Intermittent Fasting for Seniors [Short Overview]

Intermittent fasting is yet another health trend with a lot of claimed benefits. But does it work for seniors? Read on to find out because today we will talk about intermittent fasting for seniors.

Intermittent fasting is both a common health trend and a fad diet just like keto and paleo diets. There are tons of diet programs built around the concept, each claiming to be superior to any other form of eating.

But the reality is much more mundane, as always with diet and exercise. There are no shortcuts and fad diets come and go. There are several ways to reach the same goal and individual preference and reactions to a diet play a huge role in what suits your needs.

While there might be some long term benefits to intermittent fasting, the claims are widely exaggerated in many cases. There is one key take away however that we will talk more about in a moment.

Let’s start by looking at what exactly is intermittent fasting.

What Is Intermittent Fasting

Intermittent fasting is an umbrella term for several kinds of short term fasting methods.
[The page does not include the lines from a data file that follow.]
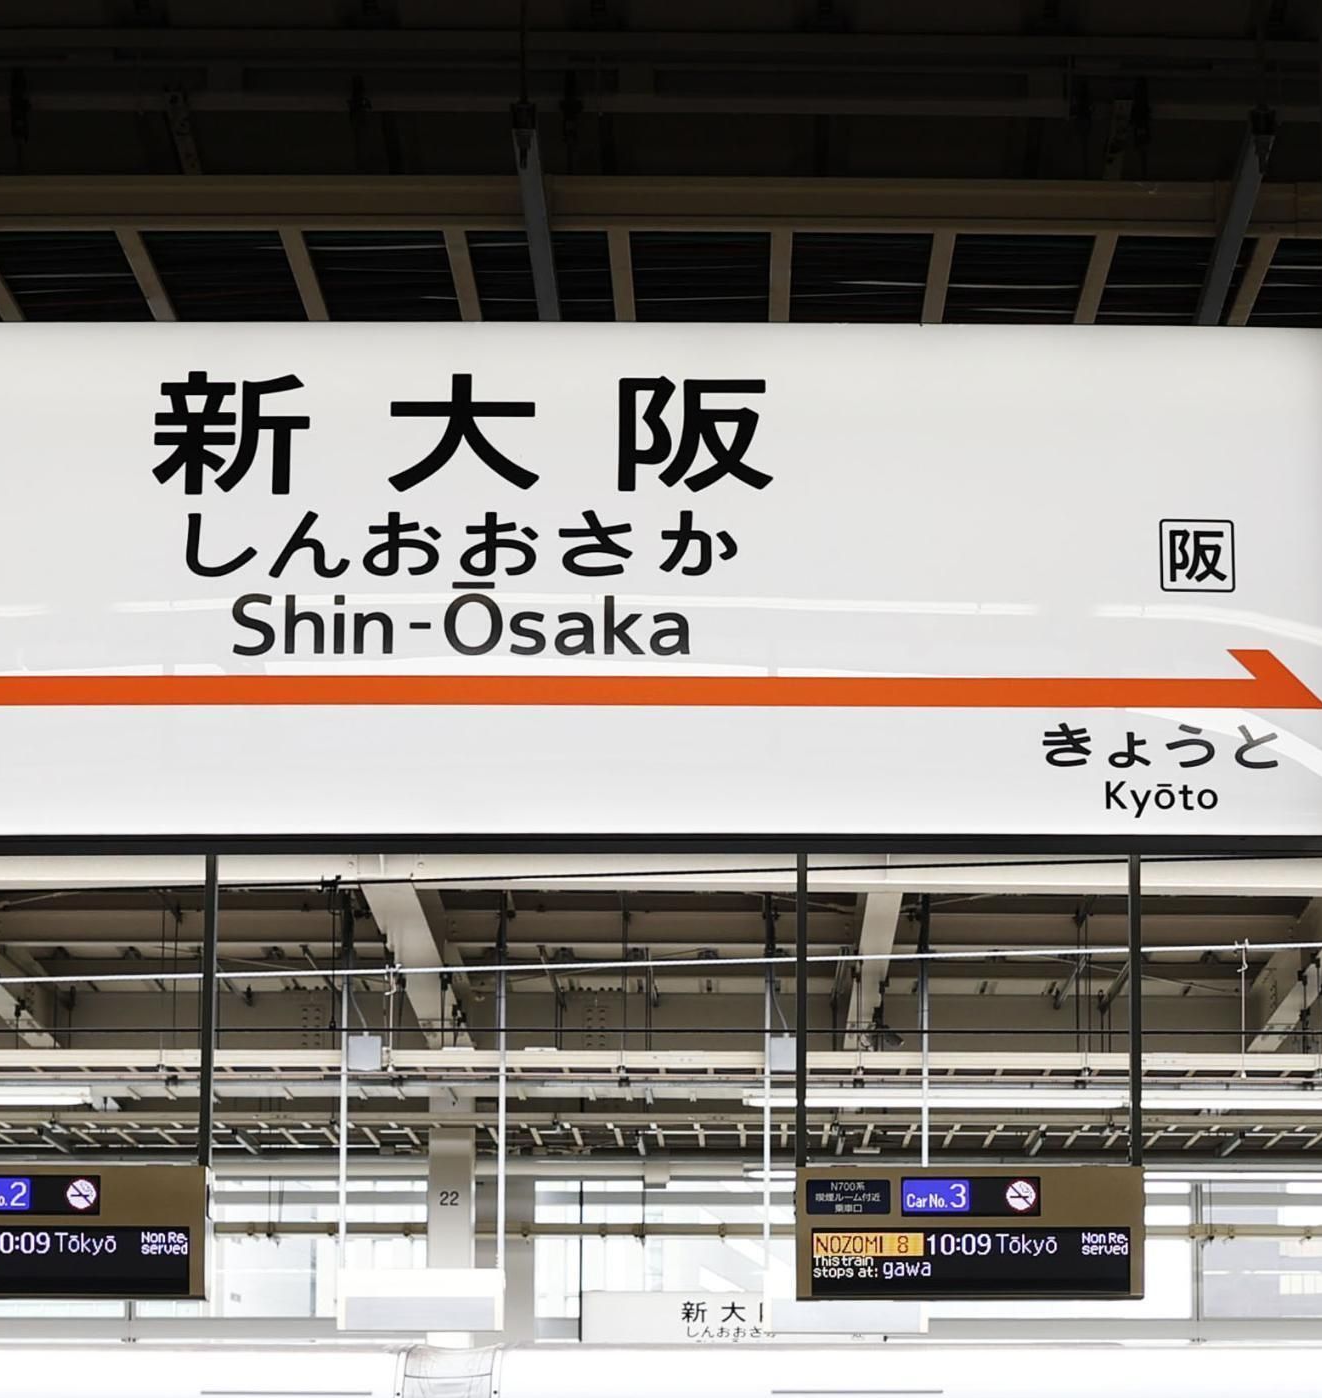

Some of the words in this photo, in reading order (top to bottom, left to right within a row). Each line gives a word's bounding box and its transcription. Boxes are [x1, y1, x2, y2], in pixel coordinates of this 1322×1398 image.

[152, 370, 776, 495] 新大阪
[180, 511, 741, 580] しんおおさか
[1165, 525, 1230, 588] 阪
[230, 578, 692, 657] Shin-Ōsaka
[1039, 720, 1281, 773] きょうと
[1101, 780, 1220, 820] Kyōto
[10, 1181, 27, 1206] 2
[439, 1191, 459, 1206] 22
[906, 1193, 928, 1208] Car
[950, 1183, 967, 1208] 3
[55, 1231, 117, 1256] Tōkyō
[141, 1231, 165, 1243] Non
[141, 1243, 188, 1255] served
[815, 1235, 883, 1254] NOZOMI
[897, 1235, 909, 1254] 8
[927, 1234, 992, 1256] 10:09
[996, 1233, 1058, 1257] Tōkyō
[1081, 1232, 1105, 1244] Non
[1081, 1244, 1129, 1256] served
[813, 1266, 854, 1279] stops
[858, 1267, 878, 1278] at:
[882, 1261, 932, 1280] gawa
[681, 1301, 764, 1323] 新大
As the name suggests, all of them are done in an intermittent fashion for short continuous cycles.

Intermittent fasting essentially involves predefined cycles of fasting and eating. The purpose of intermittent fasting is usually either weight loss or improving health through the claimed effects of fasting. In many cases, the goal can be both.

There are several ways to do intermittent fasting. The three most common methods of intermittent fasting are time-restricted feeding, alternate-day fasting, and periodic fasting.
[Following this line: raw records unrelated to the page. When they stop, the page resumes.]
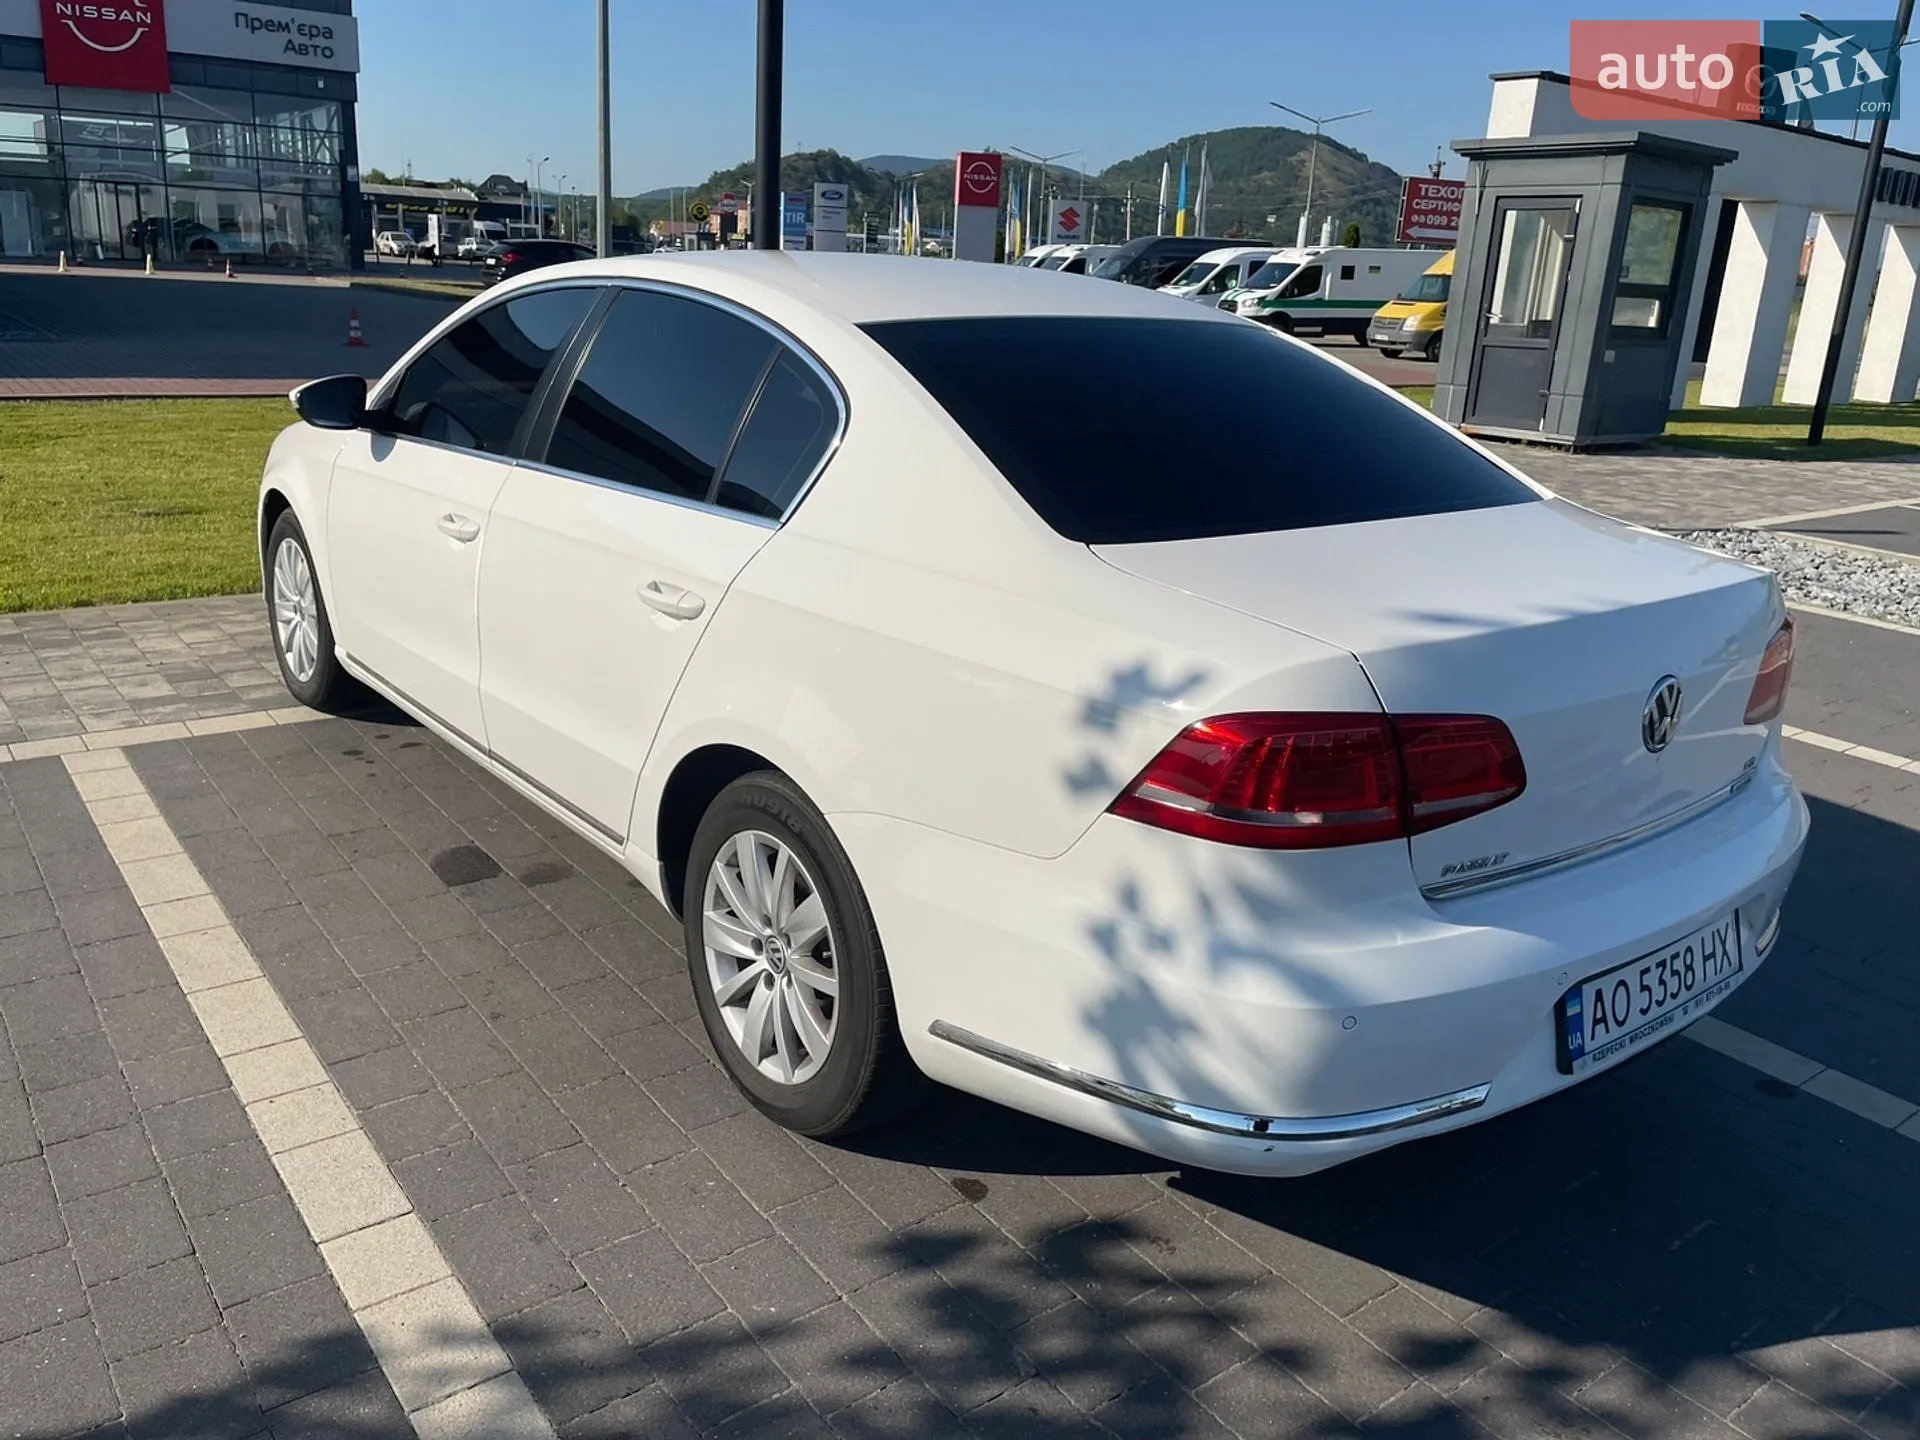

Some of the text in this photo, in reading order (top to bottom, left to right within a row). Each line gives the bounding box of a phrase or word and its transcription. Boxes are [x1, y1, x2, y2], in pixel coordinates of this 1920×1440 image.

[56, 2, 151, 24] NISSAN
[283, 38, 334, 59] Авто
[963, 173, 998, 182] NISSAN
[1426, 214, 1459, 227] 099 2
[1590, 979, 1631, 1041] AO
[1638, 946, 1696, 1016] 5358
[1700, 922, 1733, 982] HX
[1568, 1031, 1583, 1050] UA
With time-restricted feeding, the fasting period is done daily by restricting the number of hours you can use for feeding. Common example of this is the 16:8 diet where you fast for sixteen hours and are allowed to consume your daily food within the 8 hours.  Also skipping breakfast or any other major meal can be considered time-restricted feeding.
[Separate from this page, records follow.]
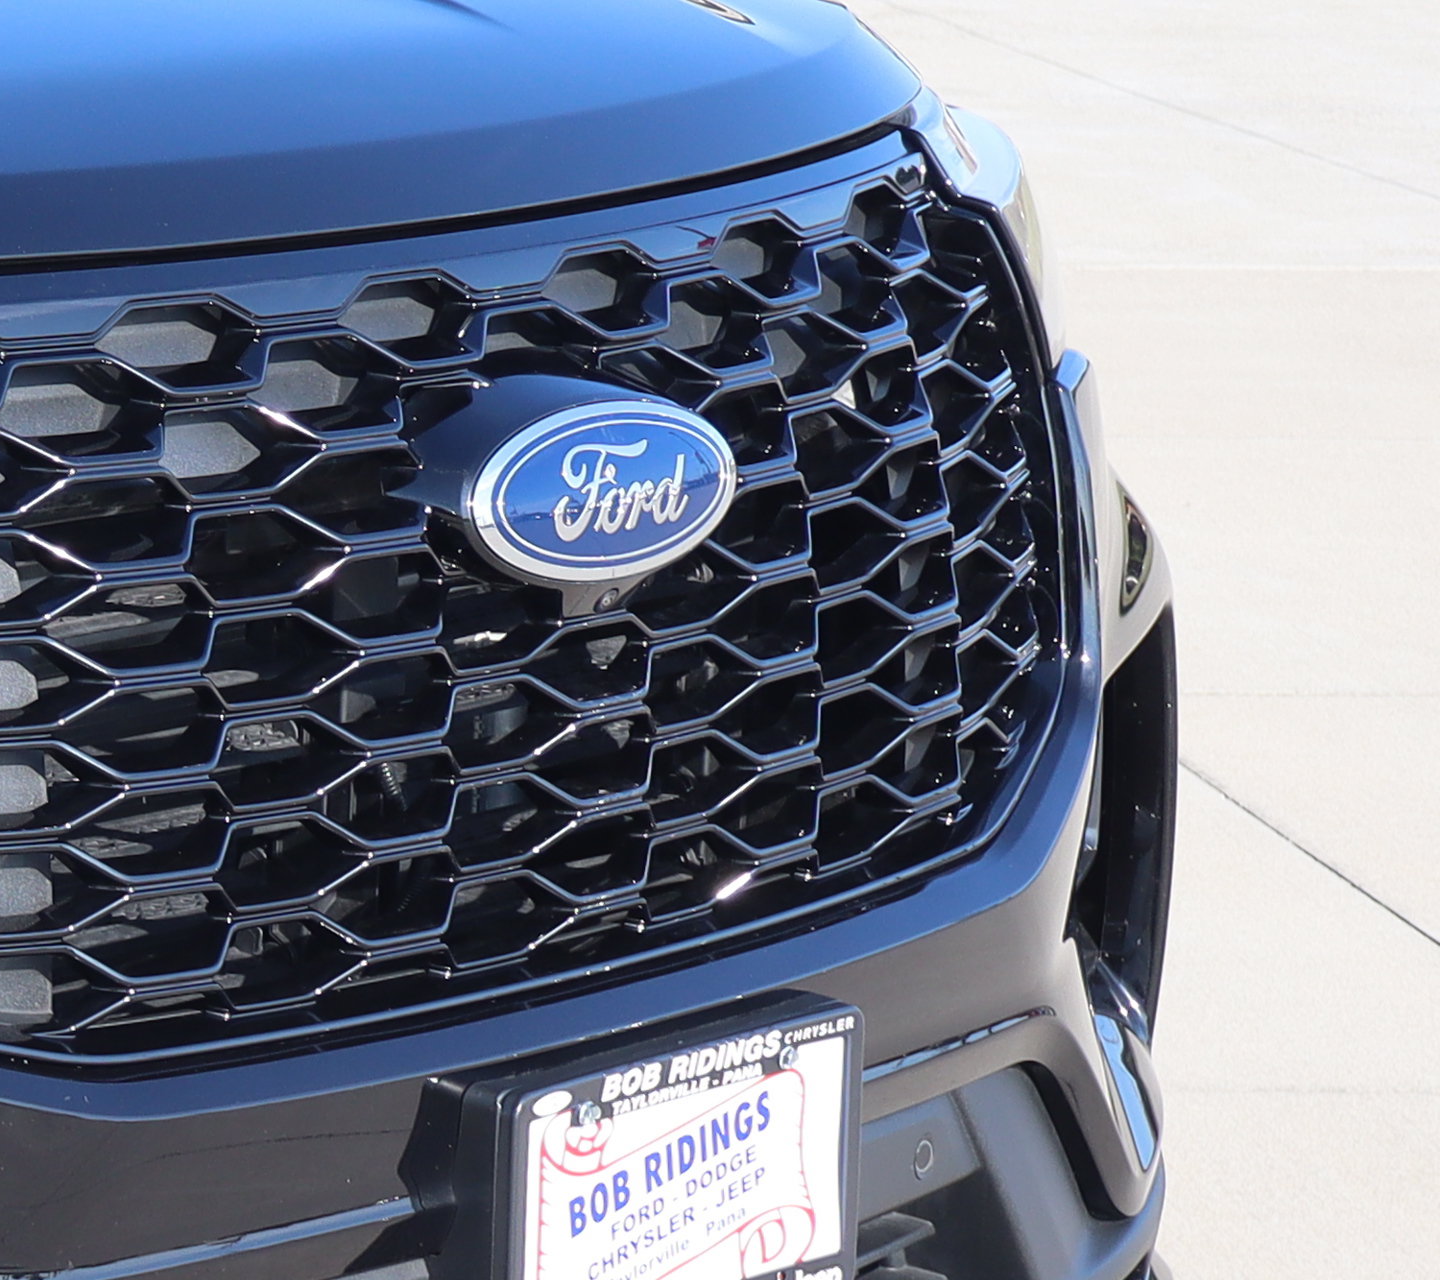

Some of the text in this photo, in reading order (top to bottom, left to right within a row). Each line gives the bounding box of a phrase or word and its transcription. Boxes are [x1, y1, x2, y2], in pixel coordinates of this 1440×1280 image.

[553, 438, 690, 543] Ford
[600, 1016, 855, 1103] BOB RIDINGS CHRYSLER
[611, 1076, 710, 1116] TAYLORVILLE
[721, 1062, 764, 1087] PANA
[568, 1090, 771, 1239] BOB RIDINGS
[611, 1197, 665, 1241] FORD
[685, 1144, 757, 1198] DODGE
[588, 1206, 695, 1280] CHRYSLER
[716, 1167, 766, 1208] JEEP
[705, 1207, 747, 1237] Pana
Alternate-day fasting involves alternating between fast days and feast days. Fast days can mean either zero food and only water and non-caloric beverages or it can mean less than 25% of your typical daily calories.  Feast days you will eat according to your caloric needs and goals (weight loss or weight maintenance).

Periodic fasting is very similar to alternate-day fasting as it can mean any period of consecutive fasting of 24 hours or more. The 5:2 diet is an example of this type of diet. It involves having two fasting days a weak and five normal eating days.

So as you can see they all share the common trend of fasting for relatively short periods of time compared to other forms of fasting that are usually done for several days or weeks.

Benefits Of Intermittent Fasting

There are many claimed health benefits to intermittent fasting that the proponents are making. These include improved fat loss, improved health markers, increased life span, faster metabolism, better athletic performance, and even cancer prevention.

These claims are mostly based on anecdotal evidence and preliminary science because there simply aren’t enough studies done on the long term effects of intermittent fasting.

That said, the preliminary studies do show that intermittent fasting can have some beneficial effects on health. It can possibly decrease insulin resistance and fasting insulin and may improve cardiovascular and metabolic health.

There is also some evidence that intermittent fasting can help some people with weight loss and management. While the preliminary data and anecdotal evidence show some possible health benefits, you have to keep in mind that there is no data on the long term effects of intermittent fasting.

Dangers of Intermittent Fasting

The preliminary clinical studies have shown that short-term intermittent fasting can cause some minor adverse effects like headaches, weakness, hunger (who would have guessed?) and even fainting.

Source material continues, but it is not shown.